### EXERCISE DETAILS:
Repeat the entries below in full, with every character unchanged.

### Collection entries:
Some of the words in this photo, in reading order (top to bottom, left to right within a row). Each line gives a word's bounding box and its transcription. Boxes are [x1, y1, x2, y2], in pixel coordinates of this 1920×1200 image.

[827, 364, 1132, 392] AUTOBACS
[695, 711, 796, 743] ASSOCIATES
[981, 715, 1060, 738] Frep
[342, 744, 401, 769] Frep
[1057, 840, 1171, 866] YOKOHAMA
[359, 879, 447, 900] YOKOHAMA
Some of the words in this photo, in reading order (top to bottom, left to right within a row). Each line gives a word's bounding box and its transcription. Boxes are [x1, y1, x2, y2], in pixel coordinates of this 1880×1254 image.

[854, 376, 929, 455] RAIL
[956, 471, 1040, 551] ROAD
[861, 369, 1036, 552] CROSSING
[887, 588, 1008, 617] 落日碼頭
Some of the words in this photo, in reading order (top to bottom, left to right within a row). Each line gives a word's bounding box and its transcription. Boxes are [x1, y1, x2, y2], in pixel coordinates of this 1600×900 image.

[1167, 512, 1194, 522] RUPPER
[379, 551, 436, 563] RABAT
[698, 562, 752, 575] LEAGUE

### OUTPUT FOR THIS TASK:
Some of the words in this photo, in reading order (top to bottom, left to right within a row). Each line gives a word's bounding box and its transcription. Boxes are [x1, y1, x2, y2], in pixel coordinates of this 1920×1200 image.

[827, 364, 1132, 392] AUTOBACS
[695, 711, 796, 743] ASSOCIATES
[981, 715, 1060, 738] Frep
[342, 744, 401, 769] Frep
[1057, 840, 1171, 866] YOKOHAMA
[359, 879, 447, 900] YOKOHAMA
Some of the words in this photo, in reading order (top to bottom, left to right within a row). Each line gives a word's bounding box and its transcription. Boxes are [x1, y1, x2, y2], in pixel coordinates of this 1880×1254 image.

[854, 376, 929, 455] RAIL
[956, 471, 1040, 551] ROAD
[861, 369, 1036, 552] CROSSING
[887, 588, 1008, 617] 落日碼頭
Some of the words in this photo, in reading order (top to bottom, left to right within a row). Each line gives a word's bounding box and its transcription. Boxes are [x1, y1, x2, y2], in pixel coordinates of this 1600×900 image.

[1167, 512, 1194, 522] RUPPER
[379, 551, 436, 563] RABAT
[698, 562, 752, 575] LEAGUE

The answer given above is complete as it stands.